**Brief:**
Restate the records that follow word for word. Omit the images.

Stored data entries
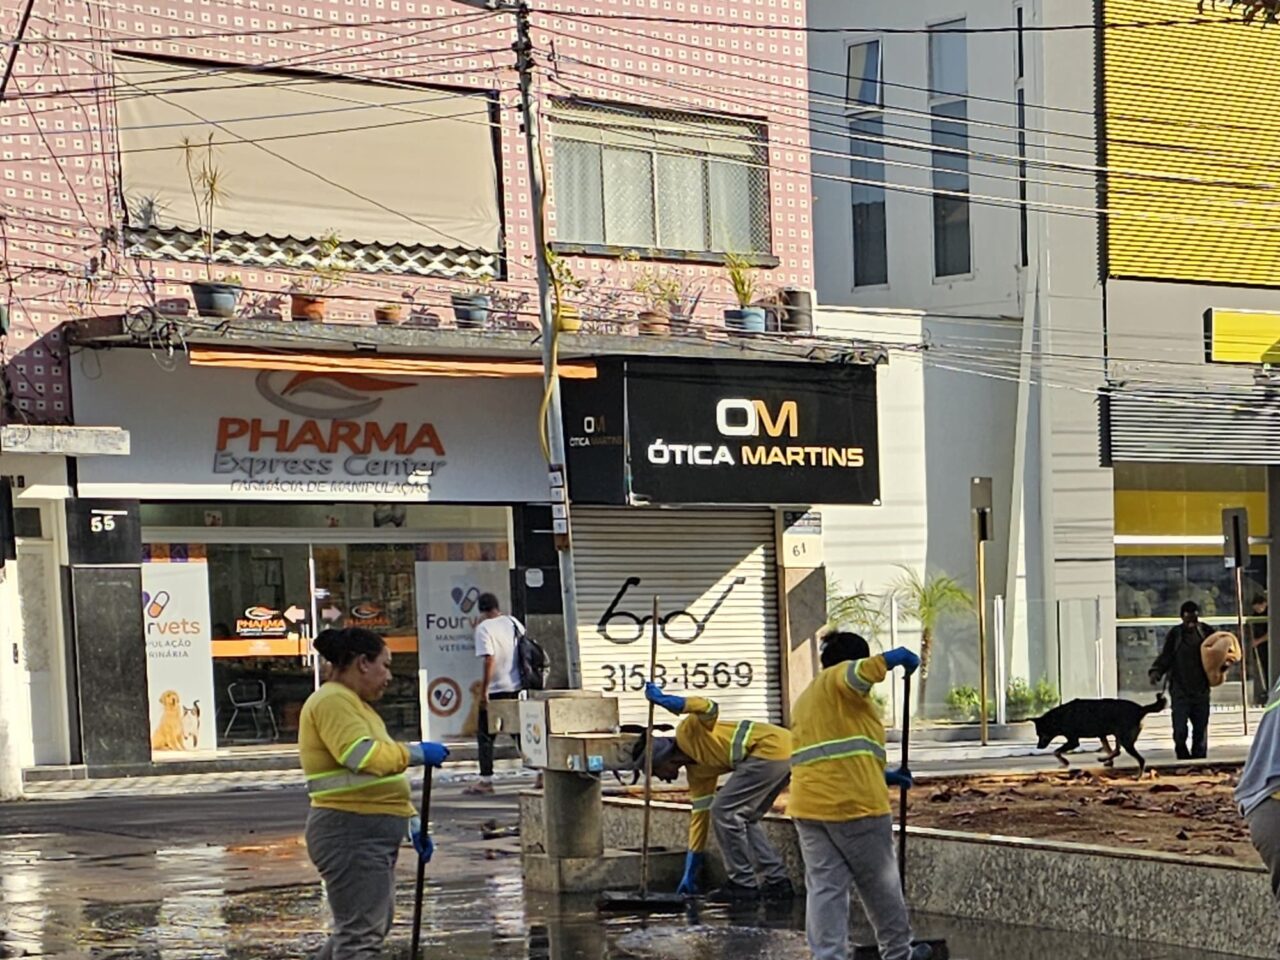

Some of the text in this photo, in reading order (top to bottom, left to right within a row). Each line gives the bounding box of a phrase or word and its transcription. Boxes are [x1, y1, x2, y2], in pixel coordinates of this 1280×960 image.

[716, 398, 798, 438] OM
[216, 417, 446, 456] PHARMA
[212, 452, 448, 478] Express Center
[647, 438, 864, 467] ÓTICA MARTINS
[230, 478, 432, 497] FARMÁCIA DE MANIPULAÇÃO
[91, 515, 115, 532] 55
[792, 542, 806, 557] 61

**Solution to this task:**
Some of the text in this photo, in reading order (top to bottom, left to right within a row). Each line gives the bounding box of a phrase or word and its transcription. Boxes are [x1, y1, x2, y2], in pixel coordinates of this 1280×960 image.

[716, 398, 798, 438] OM
[216, 417, 446, 456] PHARMA
[212, 452, 448, 478] Express Center
[647, 438, 864, 467] ÓTICA MARTINS
[230, 478, 432, 497] FARMÁCIA DE MANIPULAÇÃO
[91, 515, 115, 532] 55
[792, 542, 806, 557] 61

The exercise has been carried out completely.